Liquidity and Capital Resources

         Since inception, the Company has received capital for operations and
development from private investors in the Company's securities, issuance of
private party debt, loans from stockholders and financing from factors as well
as revenues from operations. Through July 31, 1996, revenues from operations
have been insufficient to satisfy operating expenses, product development and
legal costs. The Company, therefore has been dependent on private placement of
securities and loans from private investors and stockholders.

         There are no assurances that private capital will continue to be
available or that revenues from operations will increase to meet the Company's
cash needs, particularly as these needs relate to funding manufacturing costs
and advertising campaigns and the development of new products which the Company
believes represents its most significant long-term growth opportunities.

         As shown in the accompanying financial statements, the Company has
incurred net losses from inception to July 31, 1996 of $6,168,346 including a
net loss of $163,038 during the six months ended July 31, 1996.

         Management devoted considerable effort during the first half of 1996
towards (i) obtaining additional equity financing (ii) settlement of remaining
litigation matters (iii) building adequate product inventories and (iiii)
rebuilding its marketing campaign and customer/broker relationships.
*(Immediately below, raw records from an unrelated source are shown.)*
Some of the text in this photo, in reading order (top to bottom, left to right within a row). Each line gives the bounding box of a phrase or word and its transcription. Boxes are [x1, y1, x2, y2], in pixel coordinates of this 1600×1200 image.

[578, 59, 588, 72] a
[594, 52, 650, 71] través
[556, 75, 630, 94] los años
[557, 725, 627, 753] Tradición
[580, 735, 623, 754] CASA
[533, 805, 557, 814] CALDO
Newspaper
advertising commenced in major markets in July 1996 and was supported by radio
advertising commencing in August 1996.

         The Company introduced an appetite suppressant and a chromium based
dietary supplement in December, 1995 and a phytosterol based dietary supplement
in October 1996. Additional new health and beauty aid category products are
scheduled for introduction in fiscal 1998.
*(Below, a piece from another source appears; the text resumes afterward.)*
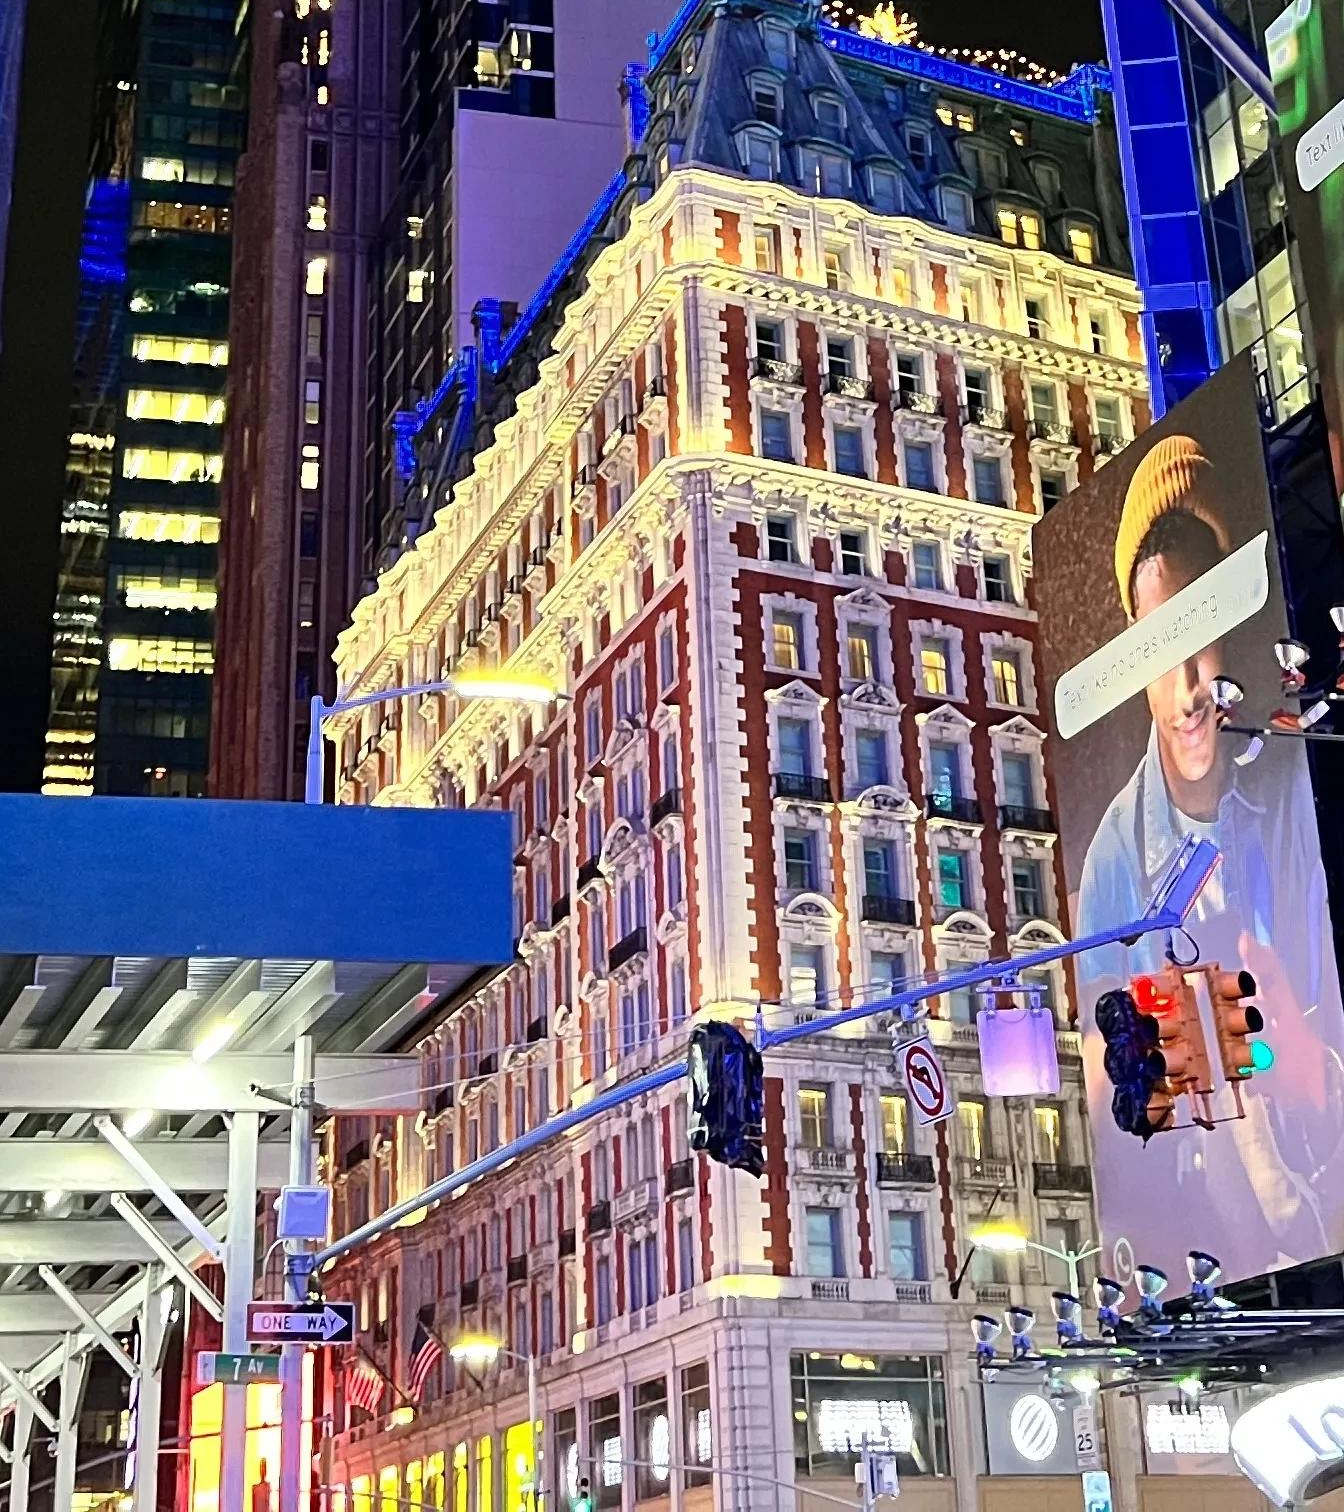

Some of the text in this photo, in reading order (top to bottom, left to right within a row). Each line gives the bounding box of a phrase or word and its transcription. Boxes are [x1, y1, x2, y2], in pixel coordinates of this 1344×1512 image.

[1305, 131, 1334, 167] Text
[261, 1315, 338, 1330] ONE WAY
[232, 1357, 242, 1382] 7
[1077, 1433, 1093, 1452] 25
         In May 1995, the Company issued 275,000 shares of common stock to a
consultant for services and cash consideration of $55,000.

         The Company retired 2,000,000 shares of common stock previously held by
an officer and stockholder of the Company as partial consideration for a loan by
the Company to that officer.

         In May 1995, the Company issued 100,000 shares of restricted common
stock to IMT as consideration for past due royalties and interest in the amount
of $217,243.

         In January 1996, the Company issued 225,000 shares of common stock to a
consultant, for services which were subsequently terminated.
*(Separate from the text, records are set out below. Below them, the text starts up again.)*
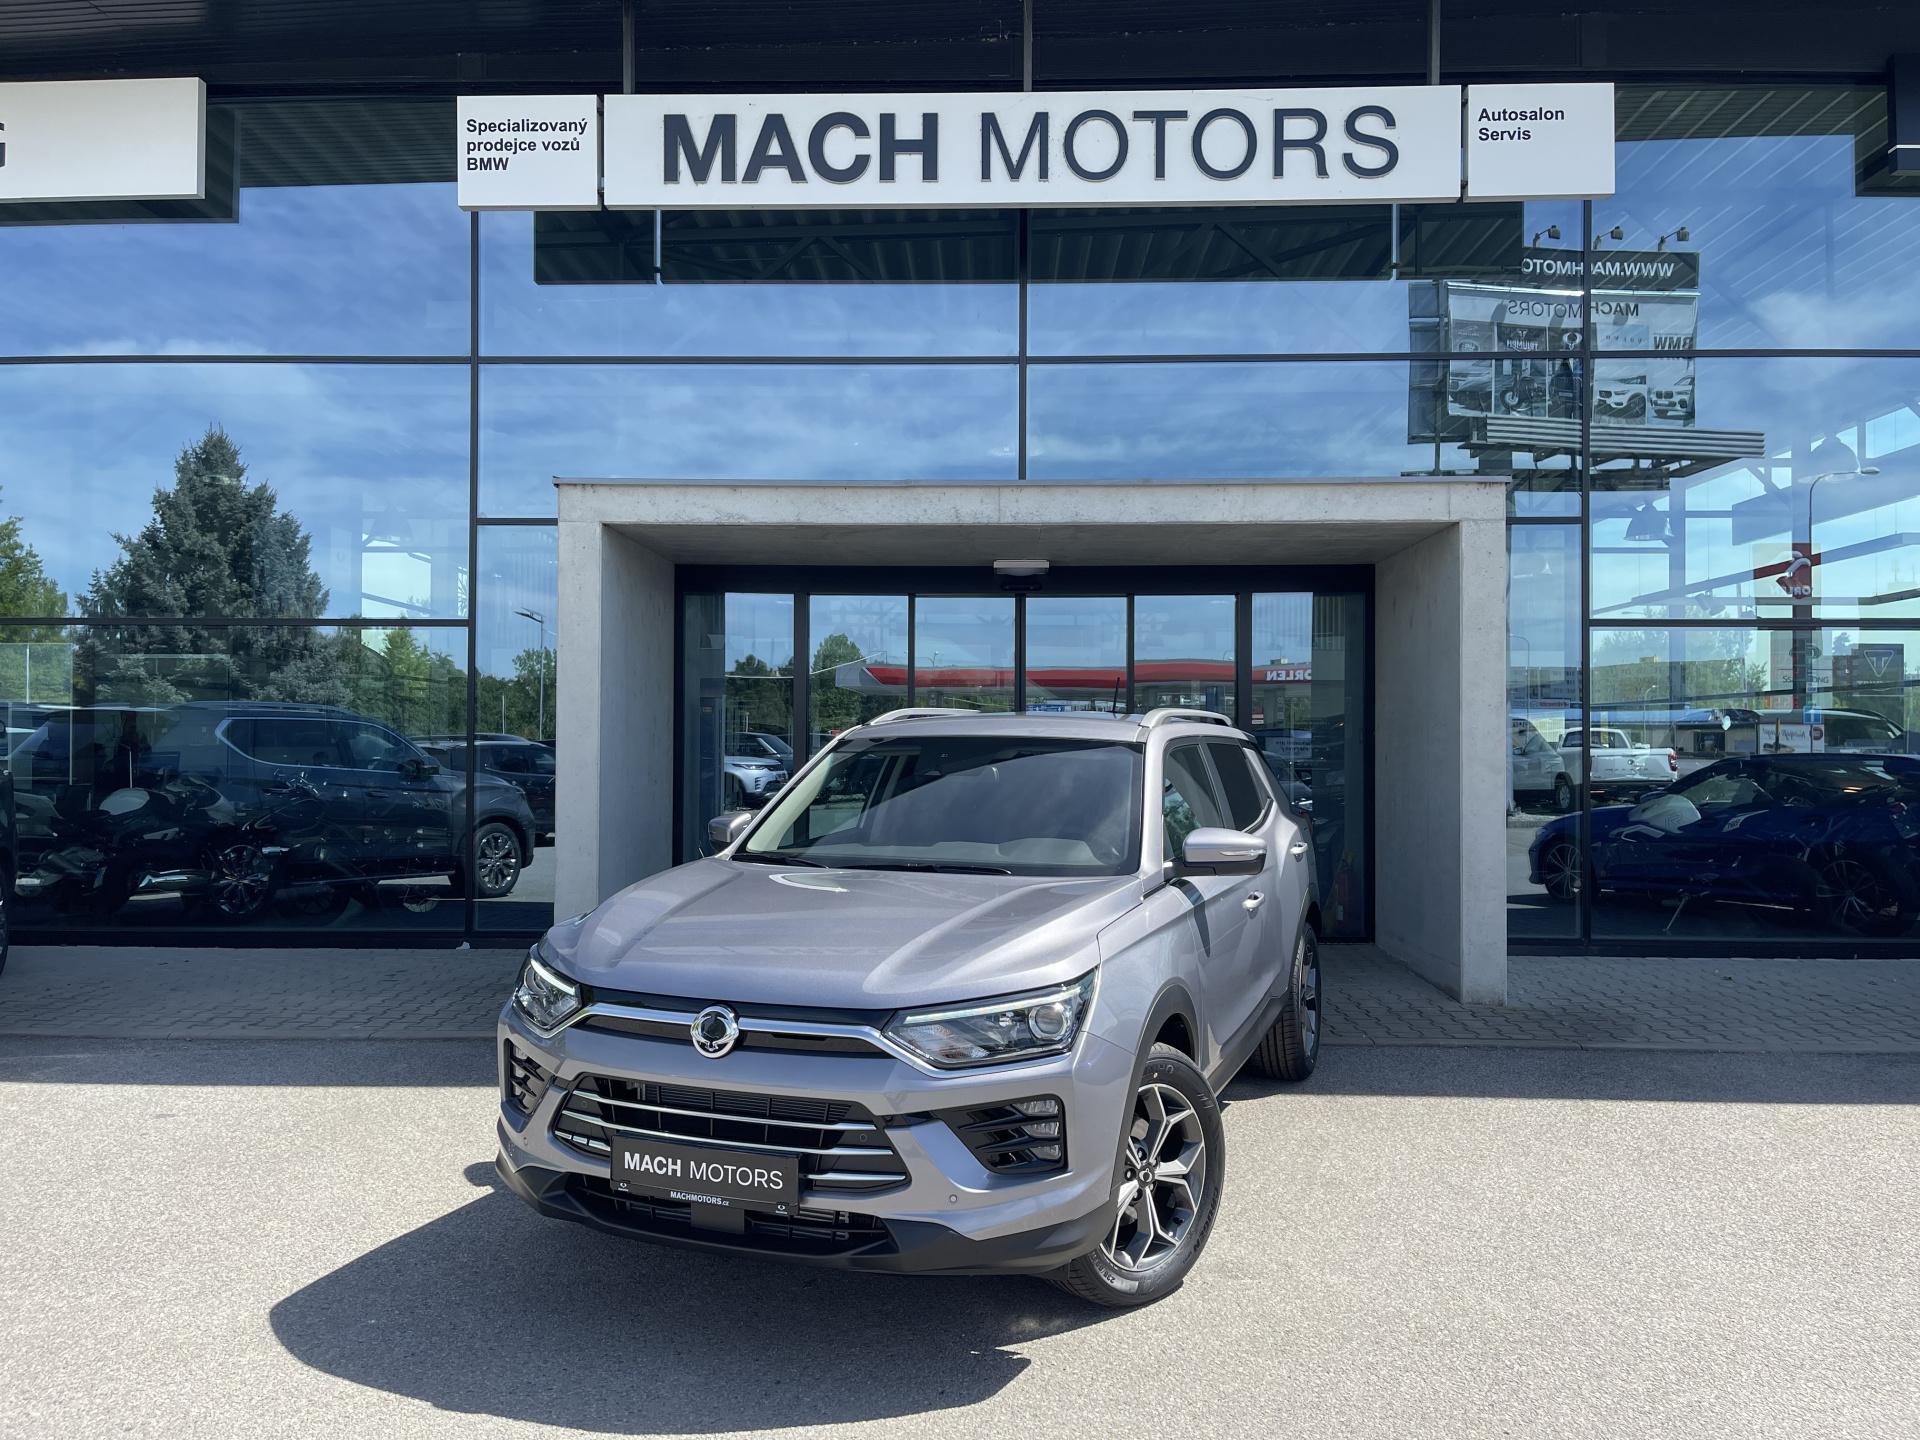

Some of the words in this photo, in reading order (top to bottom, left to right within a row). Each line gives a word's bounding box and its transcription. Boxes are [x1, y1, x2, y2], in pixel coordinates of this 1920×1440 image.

[1477, 106, 1565, 122] Autosalon
[466, 117, 588, 136] Specializovaný
[1477, 126, 1532, 142] Servis
[466, 137, 537, 155] prodejce
[541, 136, 580, 151] vozů
[662, 110, 940, 185] MACH
[980, 105, 1400, 183] MOTORS
[466, 157, 510, 171] BMW
[623, 1151, 682, 1178] MACH
[689, 1160, 784, 1191] MOTORS
         During the twelve months ended January 31, 1996, the Company issued an
aggregate of 172,500 shares of common stock for other services.



                                       29

<PAGE>   30

         During the twelve months ended January 31, 1996, the Company completed
private placements for an aggregate of 735,000 shares of restricted common stock
for cash consideration of $952,500.

         During the twelve months ended January 31, 1996, the Company issued an
aggregate of 1,267,500 shares of restricted Company stock as consideration for
approximately $4,135,000 of advertising. In April 1996, the Company reached a
settlement of certain advertising litigation which resulted in return and
retirement of 640,000 of these previously issued shares.

         In April 1996, the Company (i) retired 640,000 shares of common stock
in connection with settlement of certain advertising litigation (ii), retired
155,200 shares of common stock in connection with the termination of a
consulting agreement and (iii) issued 46,000 shares of common stock for other
services.

         In April 1996, the Company issued 1,200,000 shares of common stock for
net proceeds of $1,665,000 in a private placement. Upon completion of this
private placement, the Company issued to the placement agent 300,000 warrants to
purchase additional shares of common stock at $2.50 per share. These warrants
have a five year life and contain certain registration rights.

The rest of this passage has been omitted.